The average delinquency rate remained flat, but an uptick in early-stage delinquencies, or accounts at least 30 days past due, may signal the beginning of the end to releases of large, quarterly loan-loss reserves that have helped to pad issuers’ earnings the past two years, Moody’s said in its monthly report on credit card asset-backed securities.
U.S. bankcard average charge-offs during September declined 75 basis points to 5.27% from 6.02% in August. The average charge-off rate was 363 basis points lower than its level a year ago of 8.9%.
The average delinquency rate for all card accounts past due held steady at 3.04%, but the early-stage delinquency rate for accounts 30 days past due rose one basis point, to 0.87% from 0.86%, and the mid-stage delinquency rate for accounts at least 60 days past due rose two basis points, to 0.65% from 0.63%.
The results mark the first time since January 2009 that all six of the nation’s top credit card issuers posted increases in both early- and mid-stage delinquencies, Moody’s said. Delinquency rates remain at historic low levels, and Moody’s expects the average delinquency rate to remain low or decline further until “at least mid-2012.”
But the trend suggests card issuers may struggle to post year-over-year profit increases in coming quarters.
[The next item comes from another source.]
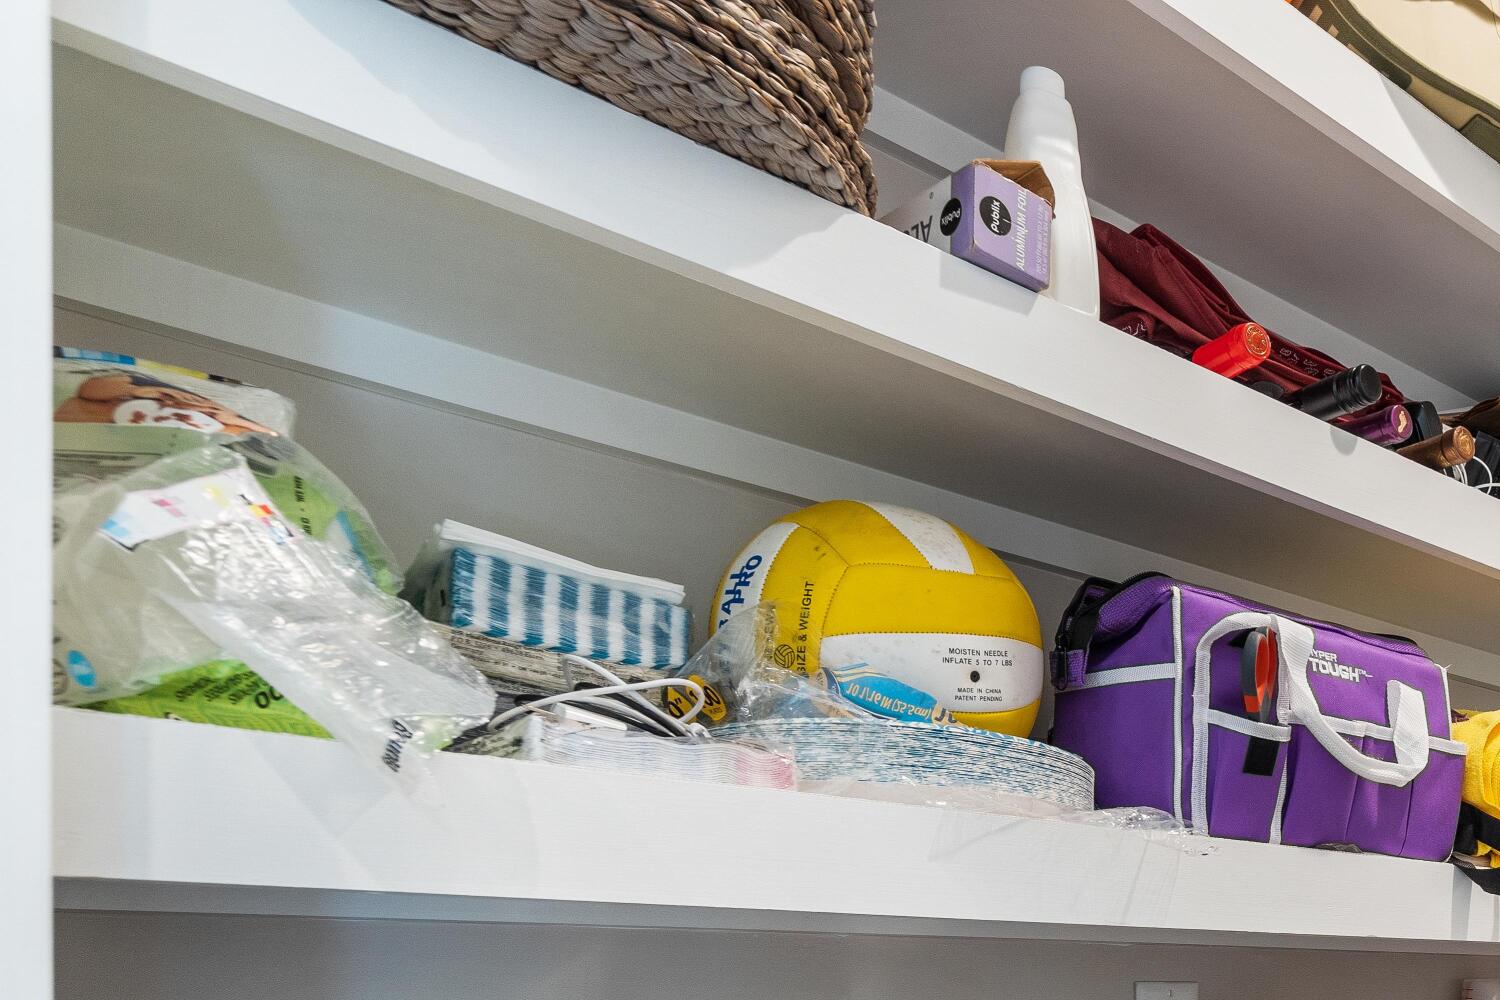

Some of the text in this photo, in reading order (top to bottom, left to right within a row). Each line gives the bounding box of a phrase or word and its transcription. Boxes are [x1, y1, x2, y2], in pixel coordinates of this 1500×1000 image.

“The flattening out and subsequent uptick in the delinquency rate signals the beginning of the end of reserve releases that have buoyed these issuers’ earnings over the past 18 to 24 months,” Moody’s analysts wrote in the report. “This is credit-negative, as it has a dampening effect on earnings in an already intensely earnings-pressured environment.”
Moody’s reiterated in its report its forecast that if present trends continue, average bankcard charge-offs will fall below 4% by the end of 2012, largely because of issuers tightening credit underwriting standards during the recession beginning in late 2008.
Card lenders “have begun to ease their credit standards somewhat,” but the economy remains fragile, Moody’s said. With weak job growth and with unemployment rates remaining above 9%, lenders are being cautious about increasing borrowers’ credit lines to prevent a surge in charge-offs.